Shortly thereafter, an Act to Amend the Evidence (Proceedings in other Jurisdictions) Act, 2000, was enacted, which will make it easier for foreign government investigators, including those from foreign tax authorities, to obtain evidence on persons and entities holding bank accounts in The Bahamas. The Act purports to restrict “fishing expeditions” by requiring specificity in requests for information. However, for customers of many major financial institutions, especially for new customers, the Act doesn’t change much. Many major institutions had already been requiring more extensive identification from customers and some had already been requiring customers to sign confidentiality waivers that would apply in the event of a request for information from a government agency.

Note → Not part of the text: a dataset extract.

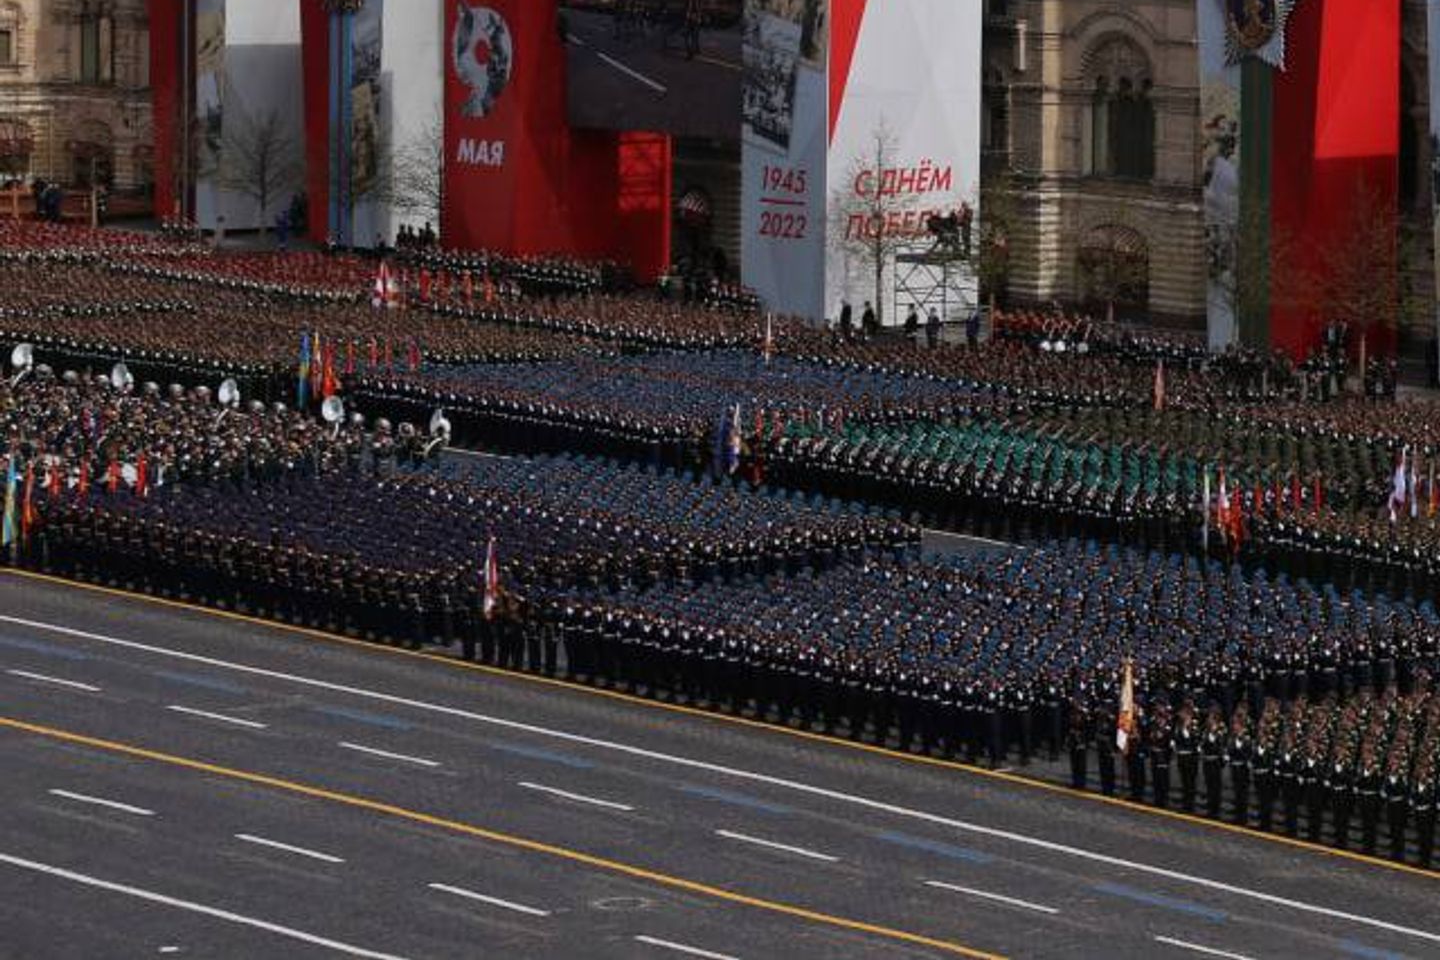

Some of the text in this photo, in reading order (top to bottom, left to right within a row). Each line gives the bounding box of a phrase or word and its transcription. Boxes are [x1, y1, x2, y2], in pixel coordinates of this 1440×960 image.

Getting The Bahamas to loosen privacy laws in the name of fighting drug traffickers’ money laundering efforts is a pretty easy argument for the OECD to make. Convincing a major offshore financial center such as The Bahamas to “harmonize” its tax regime by converting from its current tax regime which includes no direct taxation (although some taxes, such as import duties, are very high) to an income tax based regime is another matter altogether.


Delaware Series LLC

The limited liability company (LLC) has fast become the business entity of choice in the U.S. The LLC allows business owners to achieve limited liability for debts of the business while being taxed on a relatively unrestricted passthrough basis.

The LLC also provides protection to its owners for debts unrelated to the business in that LLC property and LLC interests themselves generally cannot be directly seized or attached by creditors of debtor members. Instead, such creditors are limited to a “charging order” issued by a court requiring the LLC to divert payments to the debtor member to the creditor.

However, the charging order does not provide the creditor with voting rights, such as the right to vote for a distribution. If no distributions are made to the debtor member, neither are distributions made to the creditor. Furthermore, in some cases, the creditor may be taxable on the debtor member’s share of LLC income, whether he receives a distribution or not. Thus the charging order is not a particularly attractive remedy for a creditor. For more about LLCs in general, see the articles at the Mayer & Riser, PLLC Web site at www.mayer-riser.com and the articles at the Adkisson Analysis Web site at www.falc.com.

Segregating “dangerous” assets and businesses into separate entities away from other assets, especially “safe” assets, is always a good idea from an asset protection point of view. For example, an individual who owns a gas station and a rental home shouldn’t own both within the same entity. Neither should an individual with a large amount of liquid assets (cash, securities, etc.) to protect hold the cash in the same entity as a business.

Best practices would dictate that every distinct business or major business asset be segregated into a different limited liability entity. In an ideal situation, someone with 25 rental properties would have 25 separate LLCs, one for each property. However, this isn’t always practical because of administrative costs and government fees that must be paid for each LLC. What can such a business owner do to protect his assets from liabilities unrelated to those assets in a cost-effective way?

Enter the Delaware series LLC. The Delaware LLC Act provides for the creation of separate “series” within an LLC whose debts and other liabilities are enforceable against that series alone. The Act also provides that classes or groups of members can be established, having whatever rights the LLC agreement says they have. The combination of the two provisions allows a series to be treated in many ways as a separate LLC. Thus, the series provisions in the Delaware LLC Act allow for the creation of separate protected “cells” within one limited liability “container” without the need to create separate entities, thus avoiding the inefficiencies associated with multiple related entities. The concept is similar in function to the segregated portfolio companies and protected cell companies designed for the mutual fund and captive insurance industries in Bermuda, Guernsey, the Cayman Islands, Mauritius and Belize.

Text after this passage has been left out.